I like to think I have a pretty strong moral compass.

But, I haven't always been like that.

Once, upon a time, when hormones were high and self esteems were low, I wanted nothing more the to be liked by the "cool kids".

And I would do whatever it took to be a part of that group.

And there was one particular incident that still makes me sick to my stomach.

I don't think I'll ever forget it.


We were on a field trip in seventh grade.

And somehow, because all of the planets aligned, I got put in a group with the coolest girls in school.

And for some reason, they thought it was socially acceptable to talk to me.

We got to sit in the back of the bus.

We talked about the cutest boys in the grade.

One of the girls even tried to French braid my bowl cut ( this attempt was in vain).

Everything about that day was sheer Limited Too, Aeropostale, Teen Bop perfection.

Until, one of the girls pointed at someone to the front of the bus and said,

" Ew, guys did you see that girls shirt? How ugly does she look?"

Giggles and jokes filled the back of the bus.

"And what is with that haircut?"

" She looks like a donkey with those teeth".

The giggles grew louder. Soon everyone was turning around on the bus including the butt of all of the jokes.

And the butt of these jokes happened to be my friend.

My friend who talked to me when these girls ignored me.

My friend who shared her Lunchable with me, switching her bologna for my ham because she knew I liked it better.

The girl who had brought me tissues when these girls had brought me to tears with their jokes about my chubby frame.

I wish I could say I stood up to them.

I wish I could say I got up, left the back of the bus, and took my rightful place at the from with my true friends.

I wish I could say that.

But I didn't.

Instead, I laughed.

And as we got off the bus, I made donkey noises at the girl who had been nothing but kind to me.

And looking back on this day, as a grown adult, I think two things.

How could I have been so horrible?

And

If I has never sat in that seat,

On that bus,

With those girls,

Would I have said those terrible things?

Sometimes, no matter how good of a person we are, things get in the way.

Things lead us astray,

People try and get us to do things we would never have done otherwise.

Jesus knew this better the anyone.

6 “If anyone causes one of these little ones—those who believe in me—to stumble, it would be better for them to have a large millstone hung around their neck and to be drowned in the depths of the sea. 7 Woe to the world because of the things that cause people to stumble!

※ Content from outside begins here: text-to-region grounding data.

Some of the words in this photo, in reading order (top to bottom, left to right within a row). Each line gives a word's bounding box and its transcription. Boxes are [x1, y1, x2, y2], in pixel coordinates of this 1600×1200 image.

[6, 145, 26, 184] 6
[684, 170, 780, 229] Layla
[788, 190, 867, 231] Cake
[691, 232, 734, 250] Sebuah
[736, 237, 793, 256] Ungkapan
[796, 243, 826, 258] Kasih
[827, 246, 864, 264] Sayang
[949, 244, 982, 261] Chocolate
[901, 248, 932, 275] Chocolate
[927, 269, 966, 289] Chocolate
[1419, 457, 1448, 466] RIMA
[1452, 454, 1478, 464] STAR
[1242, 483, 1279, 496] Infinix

Such things must come, but woe to the person through whom they come! 8 If your hand or your foot causes you to stumble, cut it off and throw it away. It is better for you to enter life maimed or crippled than to have two hands or two feet and be thrown into eternal fire. 9 And if your eye causes you to stumble, gouge it out and throw it away. It is better for you to enter life with one eye than to have two eyes and be thrown into the fire of hell.

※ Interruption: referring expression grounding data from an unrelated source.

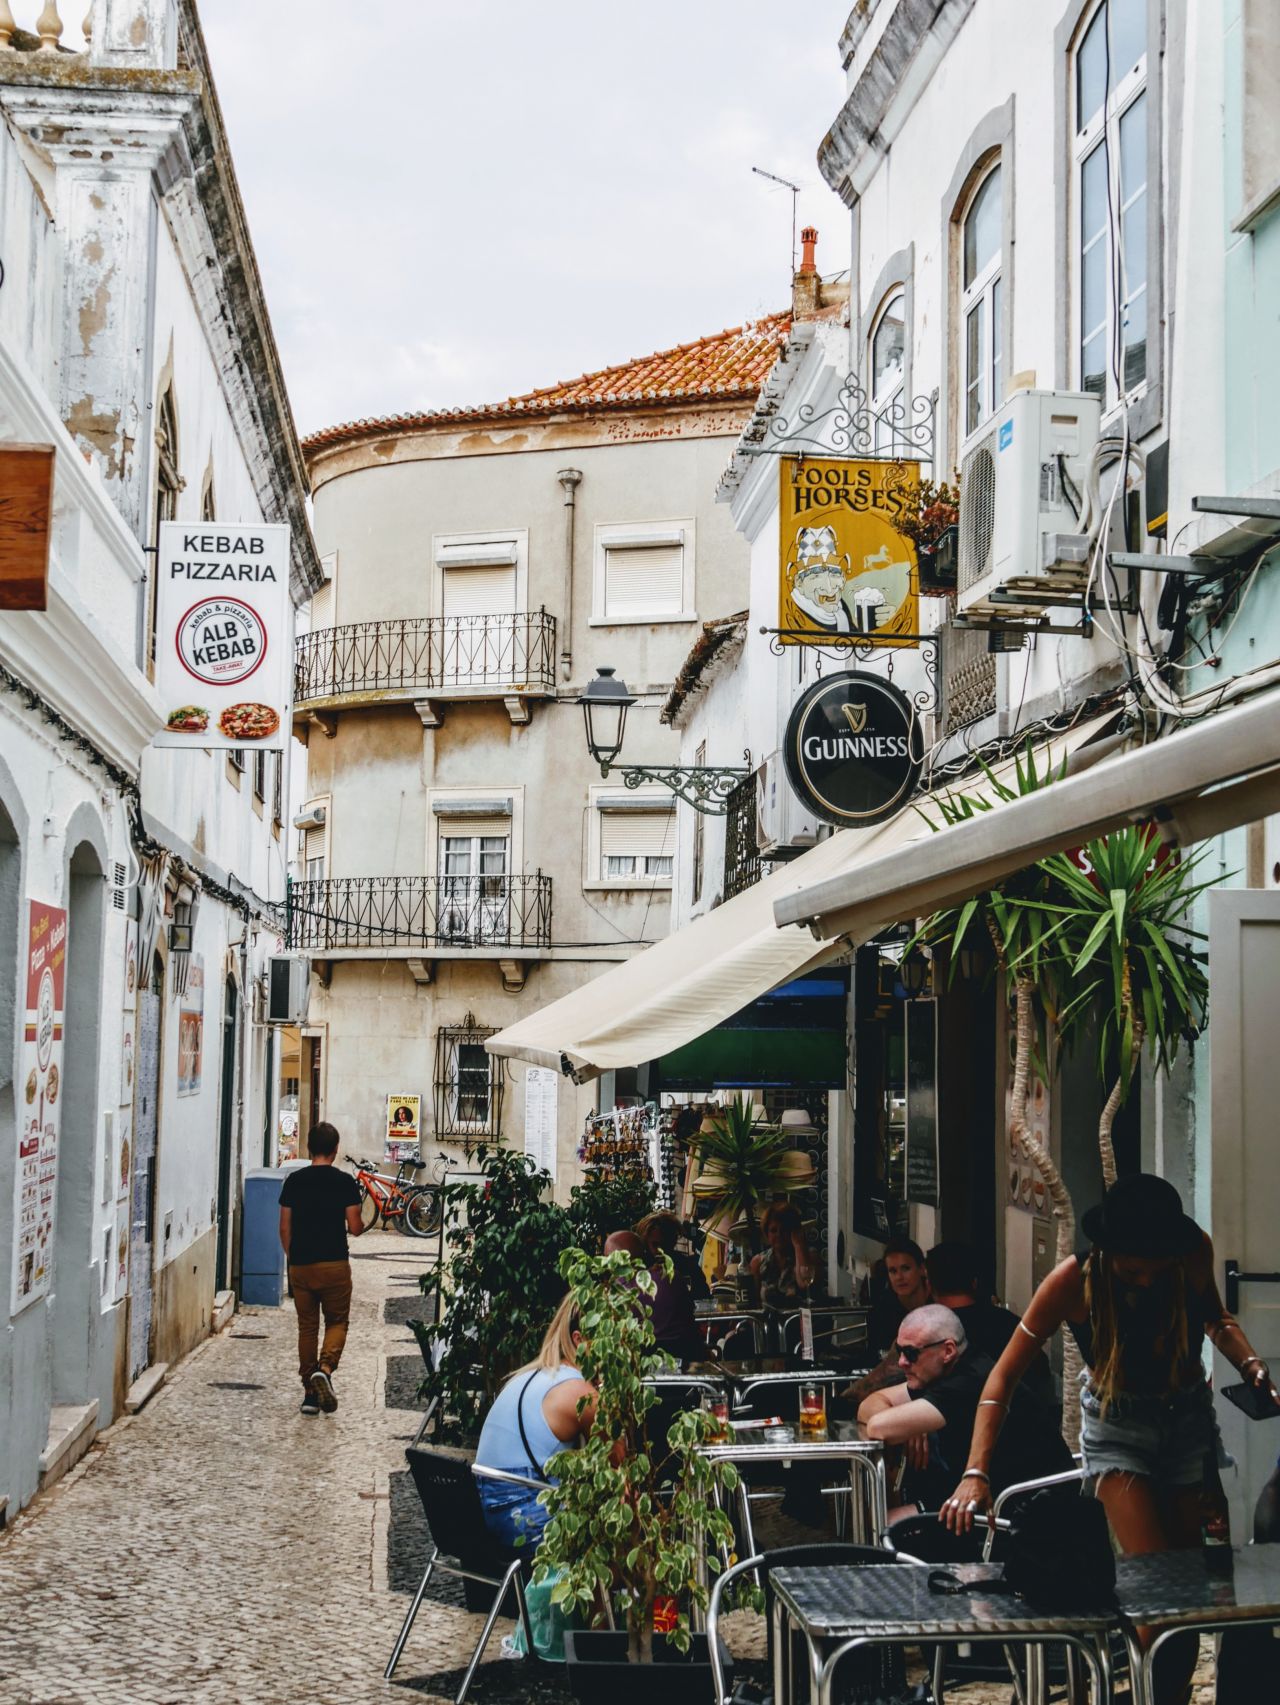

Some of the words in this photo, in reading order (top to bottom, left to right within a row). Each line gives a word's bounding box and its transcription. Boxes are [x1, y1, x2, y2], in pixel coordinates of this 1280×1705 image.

[791, 466, 872, 486] FOOLS
[793, 486, 903, 516] HORSES
[183, 534, 265, 555] KEBAB
[170, 561, 277, 583] PIZZARIA
[189, 606, 213, 629] kebab
[214, 604, 222, 612] &
[224, 605, 254, 629] pizzaria
[202, 621, 238, 645] ALB
[192, 637, 256, 666] KEBAB
[803, 736, 908, 761] GUINNESS

I know that sounds drastic.

Foot not working?

Cut it off.

Eye looking at something it shouldn't be?

Gouge that sucker out.

But, I don't think that's what Jesus was really telling us.

I think what Jesus was really telling us, is something that we all know, but choose to ignore.

There are people, or things, that cause us to sin.

There are people, or things, that may be too much for us to resist when they're right in front of us.

There are people, or things, for the sake of our walk with The Lord that we have to be behind.

And sometimes that will be hard.

And sometimes you will not want to do it.

And sometimes it'll be painful ( thus, the gouged out eye image).

But, it doesn't change the fact that it is completely and utterly necessary.

So, what is your limp foot?

And what is your wandering eye?

Is it that friend who brings out the worst in you?

That bar with those drinks you just can't resist?

That tv show you know you shouldn't be watching?

That boyfriend that tempts you just a little too much?

What is holding you back?

And are you willing to do something about it, no matter how hard,

Or how much you don't want to,

And no matter how painful?

And my dear sweet friend in the front row of the bus, if you happen to read this, I hope you know how truly sorry I am.

And I wish I had gouged out wandering eye and come and sat with you.

Only a true friend trades from their Lunchable.